Each record below is to be copied word for word, with pictures removed.

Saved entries
=== Begin Enclosure ===
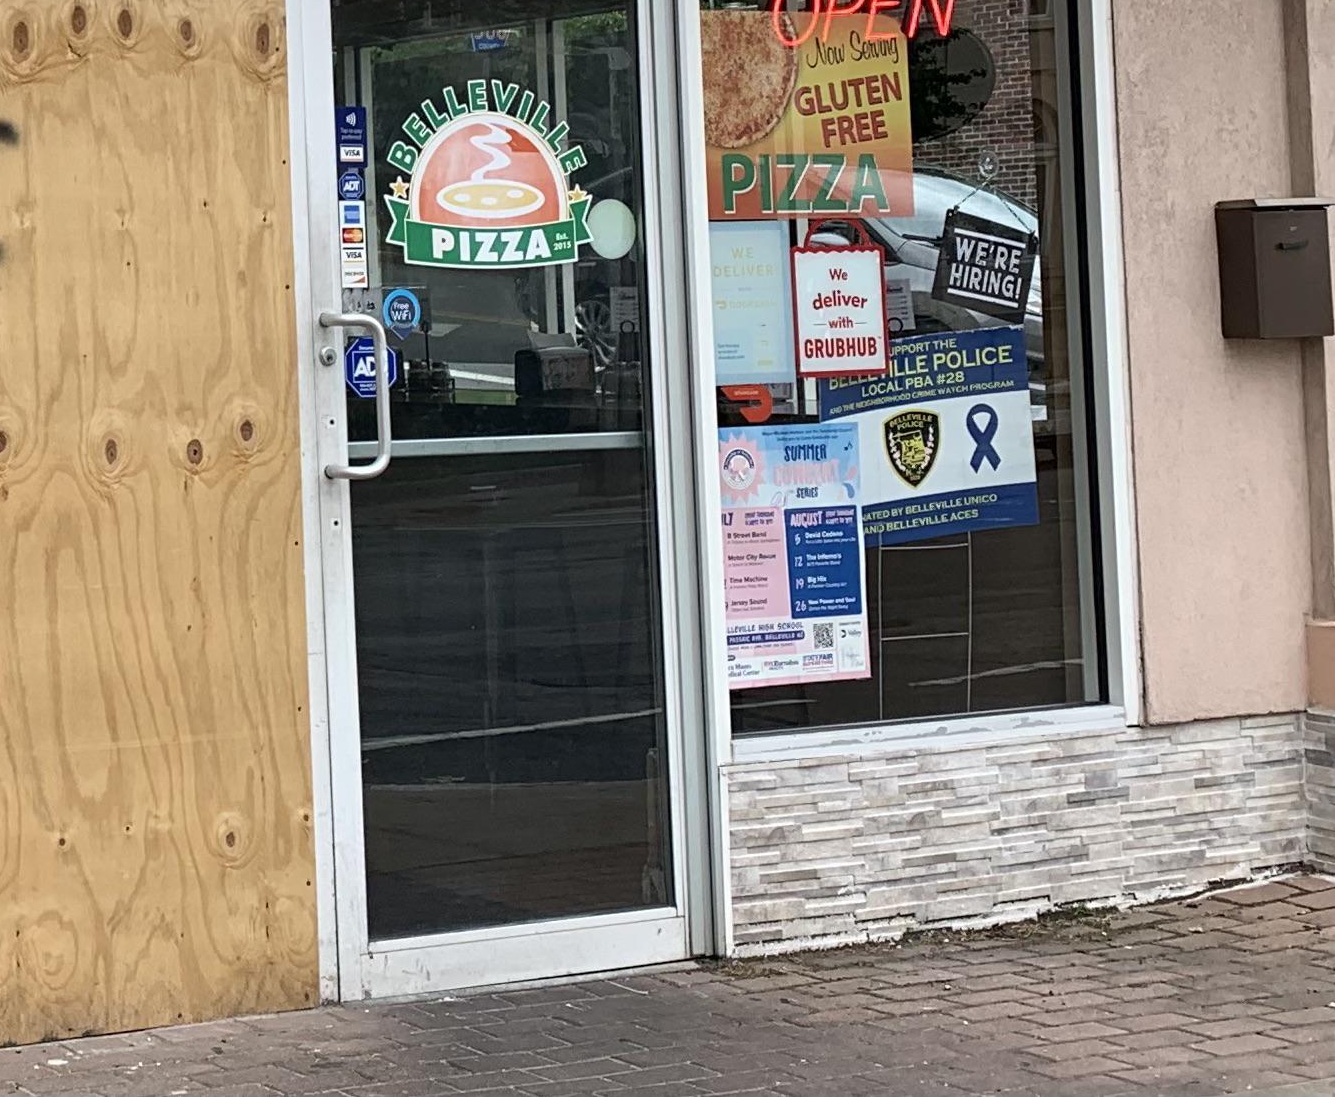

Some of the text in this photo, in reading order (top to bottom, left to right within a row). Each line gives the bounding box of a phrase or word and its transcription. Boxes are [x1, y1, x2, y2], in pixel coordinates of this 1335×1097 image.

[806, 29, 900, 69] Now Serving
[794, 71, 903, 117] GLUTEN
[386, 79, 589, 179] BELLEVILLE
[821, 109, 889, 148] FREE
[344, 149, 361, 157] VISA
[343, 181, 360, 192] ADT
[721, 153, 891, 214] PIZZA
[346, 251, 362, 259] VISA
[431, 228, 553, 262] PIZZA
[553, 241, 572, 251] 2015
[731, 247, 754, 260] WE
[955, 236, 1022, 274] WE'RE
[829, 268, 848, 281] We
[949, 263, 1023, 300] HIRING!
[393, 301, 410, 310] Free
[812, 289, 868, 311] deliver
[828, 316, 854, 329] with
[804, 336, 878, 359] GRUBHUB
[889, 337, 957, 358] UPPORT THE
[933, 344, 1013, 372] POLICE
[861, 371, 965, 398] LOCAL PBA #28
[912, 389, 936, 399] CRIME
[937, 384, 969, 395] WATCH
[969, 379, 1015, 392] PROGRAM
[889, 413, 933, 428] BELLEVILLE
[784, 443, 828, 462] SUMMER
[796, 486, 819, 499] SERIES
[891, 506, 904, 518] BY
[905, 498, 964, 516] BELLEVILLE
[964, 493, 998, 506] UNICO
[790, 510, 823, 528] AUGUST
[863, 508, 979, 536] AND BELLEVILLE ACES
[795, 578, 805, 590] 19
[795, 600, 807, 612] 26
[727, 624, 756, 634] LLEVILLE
=== End Enclosure ===
Solution for this exercise:
Some of the text in this photo, in reading order (top to bottom, left to right within a row). Each line gives the bounding box of a phrase or word and its transcription. Boxes are [x1, y1, x2, y2], in pixel coordinates of this 1335×1097 image.

[806, 29, 900, 69] Now Serving
[794, 71, 903, 117] GLUTEN
[386, 79, 589, 179] BELLEVILLE
[821, 109, 889, 148] FREE
[344, 149, 361, 157] VISA
[343, 181, 360, 192] ADT
[721, 153, 891, 214] PIZZA
[346, 251, 362, 259] VISA
[431, 228, 553, 262] PIZZA
[553, 241, 572, 251] 2015
[731, 247, 754, 260] WE
[955, 236, 1022, 274] WE'RE
[829, 268, 848, 281] We
[949, 263, 1023, 300] HIRING!
[393, 301, 410, 310] Free
[812, 289, 868, 311] deliver
[828, 316, 854, 329] with
[804, 336, 878, 359] GRUBHUB
[889, 337, 957, 358] UPPORT THE
[933, 344, 1013, 372] POLICE
[861, 371, 965, 398] LOCAL PBA #28
[912, 389, 936, 399] CRIME
[937, 384, 969, 395] WATCH
[969, 379, 1015, 392] PROGRAM
[889, 413, 933, 428] BELLEVILLE
[784, 443, 828, 462] SUMMER
[796, 486, 819, 499] SERIES
[891, 506, 904, 518] BY
[905, 498, 964, 516] BELLEVILLE
[964, 493, 998, 506] UNICO
[790, 510, 823, 528] AUGUST
[863, 508, 979, 536] AND BELLEVILLE ACES
[795, 578, 805, 590] 19
[795, 600, 807, 612] 26
[727, 624, 756, 634] LLEVILLE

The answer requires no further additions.